Comme en 2004 et en 2005, est organisé cette année le prix du livre d’économie du Sénat. La procédure reste la même : les internautes désignent trois livres finalistes au cours d’un premier vote électronique, puis un second vote désigne le gagnant. Le prix 2004 était un bon cru, à la fois pour la sélection initiale des livres et le choix final; le prix 2005 était difficilement compréhensible pour les mêmes raisons.
Le site du Sénat n’est pas encore à jour, mais cela ne devrait pas tarder, car le vote aura lieu entre les 16 et 18 novembre. Mais la liste des 10 ouvrages en lice a été déterminée. Que peut-on en penser?
EDIT : le site du Sénat est à jour, il est possible d’aller voter jusqu’au 21 décembre.
La sélection de cette année se regroupe en diverses catégories assez identifiées. Un ensemble de livres consacrés à la mondialisation, avec plutôt une perspective internationaliste; des livres consacrés à l’économie française; et des livres plus difficiles à regrouper dans une catégorie spécifique.
Commençons par les livres consacrés à la Mondialisation. Le premier est Made in Monde, de Susan Berger, que nous avons eu l’occasion de présenter il y a quelques temps. Il constituerait un excellent choix.
Le second livre est celui d’Erik Orsenna consacré au coton. J’avoue ici être un peu plus circonspect. Le livre est un sympathique carnet de voyages, une description du “monde du coton”; par contre, sur le plan de l’analyse économique (qui n’est pas franchement la spécialité de l’auteur…) il est particulièrement léger. Il faut noter aussi qu’il y a eu un très bon livre sur ce sujet, avant celui d’Orsenna, consacré au voyage d’un T-shirt dans l’économie mondiale, qui lui était plus solide dans ses analyses. Il serait dommage – mais pas forcément étonnant – qu’un livre descriptif et peu analytique emporte un prix du livre d’économie.

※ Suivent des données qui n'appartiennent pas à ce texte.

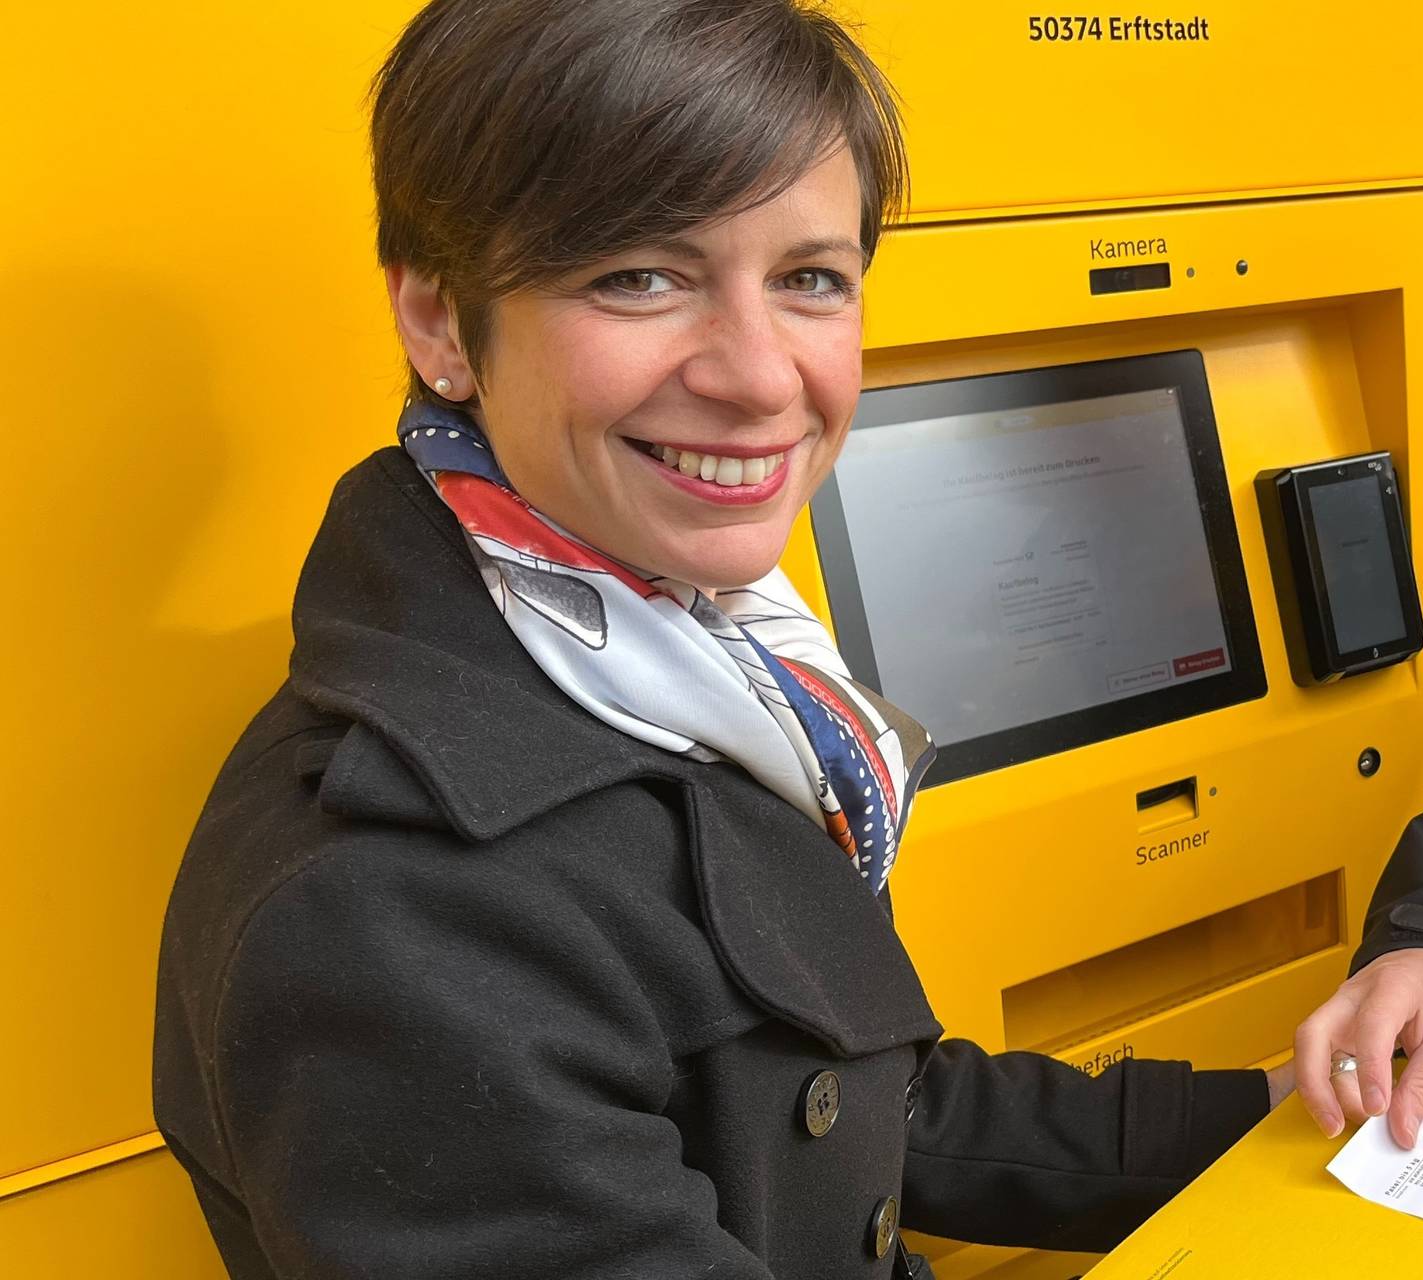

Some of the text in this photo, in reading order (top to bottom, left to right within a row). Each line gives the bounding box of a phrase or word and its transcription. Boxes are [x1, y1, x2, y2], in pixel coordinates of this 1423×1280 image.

[1029, 15, 1209, 41] 50374 Erftstadt
[1090, 238, 1168, 260] Kamera
[1136, 829, 1211, 866] Scanner

Dans cette même catégorie, il y a deux livres que je n’ai pas lus et dont je me demande un peu ce qu’ils font dans ce classement : L’économie de l’Inde de J.J. Boillot, et la pratique de la Chine, d’André Chieng. Pour le premier, je ne connais pas sa qualité mais je vois mal ce qu’un livre de la collection “Repères” fait dans ce classement, qui devrait plutôt viser des essais. Quant au livre sur la Chine, je ne le connais pas, mais le descriptif sur amazon donne l’impression d’un fumeux culturalisme consacré à un pays, la Chine, sur lequel on écrit et on dit en France une quantité déjà phénoménale d’âneries. Et je vois mal en quoi un livre sur la gestion interculturelle a sa place dans un prix du livre d’économie. C’est peut-être un peu sectaire, mais je ne recommanderai pas de voter pour ces deux livres, indépendamment de leurs qualités éventuelles que j’ignore.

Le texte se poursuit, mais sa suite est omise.